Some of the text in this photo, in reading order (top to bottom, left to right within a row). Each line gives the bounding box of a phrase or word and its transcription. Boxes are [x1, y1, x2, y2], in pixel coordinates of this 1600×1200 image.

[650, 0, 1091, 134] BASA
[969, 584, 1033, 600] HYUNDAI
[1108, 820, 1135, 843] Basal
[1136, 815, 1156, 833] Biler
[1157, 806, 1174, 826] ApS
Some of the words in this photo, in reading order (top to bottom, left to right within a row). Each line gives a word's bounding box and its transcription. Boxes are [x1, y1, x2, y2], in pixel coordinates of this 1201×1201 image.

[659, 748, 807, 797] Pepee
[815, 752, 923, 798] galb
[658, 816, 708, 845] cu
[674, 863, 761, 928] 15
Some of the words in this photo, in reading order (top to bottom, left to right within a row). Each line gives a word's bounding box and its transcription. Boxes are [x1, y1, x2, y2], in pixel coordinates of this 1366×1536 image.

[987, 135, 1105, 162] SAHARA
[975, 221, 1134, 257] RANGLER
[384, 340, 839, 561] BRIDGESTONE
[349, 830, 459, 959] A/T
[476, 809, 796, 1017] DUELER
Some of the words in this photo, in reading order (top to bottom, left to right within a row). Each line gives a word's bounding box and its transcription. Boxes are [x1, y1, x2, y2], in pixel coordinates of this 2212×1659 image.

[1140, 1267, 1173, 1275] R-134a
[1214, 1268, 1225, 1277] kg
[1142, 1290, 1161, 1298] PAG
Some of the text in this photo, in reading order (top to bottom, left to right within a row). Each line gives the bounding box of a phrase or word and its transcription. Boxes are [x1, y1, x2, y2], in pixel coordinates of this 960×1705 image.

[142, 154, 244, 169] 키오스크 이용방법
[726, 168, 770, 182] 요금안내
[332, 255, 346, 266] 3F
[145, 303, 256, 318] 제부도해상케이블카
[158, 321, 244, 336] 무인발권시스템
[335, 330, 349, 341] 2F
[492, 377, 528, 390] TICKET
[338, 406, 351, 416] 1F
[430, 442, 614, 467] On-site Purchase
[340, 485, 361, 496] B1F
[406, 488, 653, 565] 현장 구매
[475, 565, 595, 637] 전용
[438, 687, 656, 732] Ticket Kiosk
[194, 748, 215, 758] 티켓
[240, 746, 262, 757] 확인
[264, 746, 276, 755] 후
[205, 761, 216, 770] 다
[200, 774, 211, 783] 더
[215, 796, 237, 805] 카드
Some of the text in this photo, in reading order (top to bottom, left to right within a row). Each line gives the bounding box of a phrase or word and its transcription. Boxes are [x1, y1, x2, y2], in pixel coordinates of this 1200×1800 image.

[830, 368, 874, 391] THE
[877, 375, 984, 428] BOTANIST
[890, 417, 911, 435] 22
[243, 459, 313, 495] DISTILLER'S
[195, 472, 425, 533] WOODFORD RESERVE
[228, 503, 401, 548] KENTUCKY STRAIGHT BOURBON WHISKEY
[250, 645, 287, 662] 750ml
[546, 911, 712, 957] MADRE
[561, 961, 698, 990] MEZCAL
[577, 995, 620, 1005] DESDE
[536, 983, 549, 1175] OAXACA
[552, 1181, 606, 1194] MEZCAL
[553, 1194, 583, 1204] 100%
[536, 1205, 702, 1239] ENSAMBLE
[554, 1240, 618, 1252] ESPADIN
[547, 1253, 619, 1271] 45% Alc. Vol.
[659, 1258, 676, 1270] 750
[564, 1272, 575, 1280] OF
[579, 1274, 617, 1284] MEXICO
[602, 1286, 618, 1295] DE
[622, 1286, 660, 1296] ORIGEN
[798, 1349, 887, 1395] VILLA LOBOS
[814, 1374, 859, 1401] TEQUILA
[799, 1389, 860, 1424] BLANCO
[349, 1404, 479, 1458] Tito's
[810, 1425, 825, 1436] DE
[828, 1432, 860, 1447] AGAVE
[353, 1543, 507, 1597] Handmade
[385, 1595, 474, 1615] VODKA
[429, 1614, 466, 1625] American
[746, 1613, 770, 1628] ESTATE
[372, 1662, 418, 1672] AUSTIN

Task details
Retype every record above exactly as it appears.

Expected answer
Some of the text in this photo, in reading order (top to bottom, left to right within a row). Each line gives the bounding box of a phrase or word and its transcription. Boxes are [x1, y1, x2, y2], in pixel coordinates of this 1600×1200 image.

[650, 0, 1091, 134] BASA
[969, 584, 1033, 600] HYUNDAI
[1108, 820, 1135, 843] Basal
[1136, 815, 1156, 833] Biler
[1157, 806, 1174, 826] ApS
Some of the words in this photo, in reading order (top to bottom, left to right within a row). Each line gives a word's bounding box and its transcription. Boxes are [x1, y1, x2, y2], in pixel coordinates of this 1201×1201 image.

[659, 748, 807, 797] Pepee
[815, 752, 923, 798] galb
[658, 816, 708, 845] cu
[674, 863, 761, 928] 15
Some of the words in this photo, in reading order (top to bottom, left to right within a row). Each line gives a word's bounding box and its transcription. Boxes are [x1, y1, x2, y2], in pixel coordinates of this 1366×1536 image.

[987, 135, 1105, 162] SAHARA
[975, 221, 1134, 257] RANGLER
[384, 340, 839, 561] BRIDGESTONE
[349, 830, 459, 959] A/T
[476, 809, 796, 1017] DUELER
Some of the words in this photo, in reading order (top to bottom, left to right within a row). Each line gives a word's bounding box and its transcription. Boxes are [x1, y1, x2, y2], in pixel coordinates of this 2212×1659 image.

[1140, 1267, 1173, 1275] R-134a
[1214, 1268, 1225, 1277] kg
[1142, 1290, 1161, 1298] PAG
Some of the text in this photo, in reading order (top to bottom, left to right within a row). Each line gives the bounding box of a phrase or word and its transcription. Boxes are [x1, y1, x2, y2], in pixel coordinates of this 960×1705 image.

[142, 154, 244, 169] 키오스크 이용방법
[726, 168, 770, 182] 요금안내
[332, 255, 346, 266] 3F
[145, 303, 256, 318] 제부도해상케이블카
[158, 321, 244, 336] 무인발권시스템
[335, 330, 349, 341] 2F
[492, 377, 528, 390] TICKET
[338, 406, 351, 416] 1F
[430, 442, 614, 467] On-site Purchase
[340, 485, 361, 496] B1F
[406, 488, 653, 565] 현장 구매
[475, 565, 595, 637] 전용
[438, 687, 656, 732] Ticket Kiosk
[194, 748, 215, 758] 티켓
[240, 746, 262, 757] 확인
[264, 746, 276, 755] 후
[205, 761, 216, 770] 다
[200, 774, 211, 783] 더
[215, 796, 237, 805] 카드
Some of the text in this photo, in reading order (top to bottom, left to right within a row). Each line gives the bounding box of a phrase or word and its transcription. Boxes are [x1, y1, x2, y2], in pixel coordinates of this 1200×1800 image.

[830, 368, 874, 391] THE
[877, 375, 984, 428] BOTANIST
[890, 417, 911, 435] 22
[243, 459, 313, 495] DISTILLER'S
[195, 472, 425, 533] WOODFORD RESERVE
[228, 503, 401, 548] KENTUCKY STRAIGHT BOURBON WHISKEY
[250, 645, 287, 662] 750ml
[546, 911, 712, 957] MADRE
[561, 961, 698, 990] MEZCAL
[577, 995, 620, 1005] DESDE
[536, 983, 549, 1175] OAXACA
[552, 1181, 606, 1194] MEZCAL
[553, 1194, 583, 1204] 100%
[536, 1205, 702, 1239] ENSAMBLE
[554, 1240, 618, 1252] ESPADIN
[547, 1253, 619, 1271] 45% Alc. Vol.
[659, 1258, 676, 1270] 750
[564, 1272, 575, 1280] OF
[579, 1274, 617, 1284] MEXICO
[602, 1286, 618, 1295] DE
[622, 1286, 660, 1296] ORIGEN
[798, 1349, 887, 1395] VILLA LOBOS
[814, 1374, 859, 1401] TEQUILA
[799, 1389, 860, 1424] BLANCO
[349, 1404, 479, 1458] Tito's
[810, 1425, 825, 1436] DE
[828, 1432, 860, 1447] AGAVE
[353, 1543, 507, 1597] Handmade
[385, 1595, 474, 1615] VODKA
[429, 1614, 466, 1625] American
[746, 1613, 770, 1628] ESTATE
[372, 1662, 418, 1672] AUSTIN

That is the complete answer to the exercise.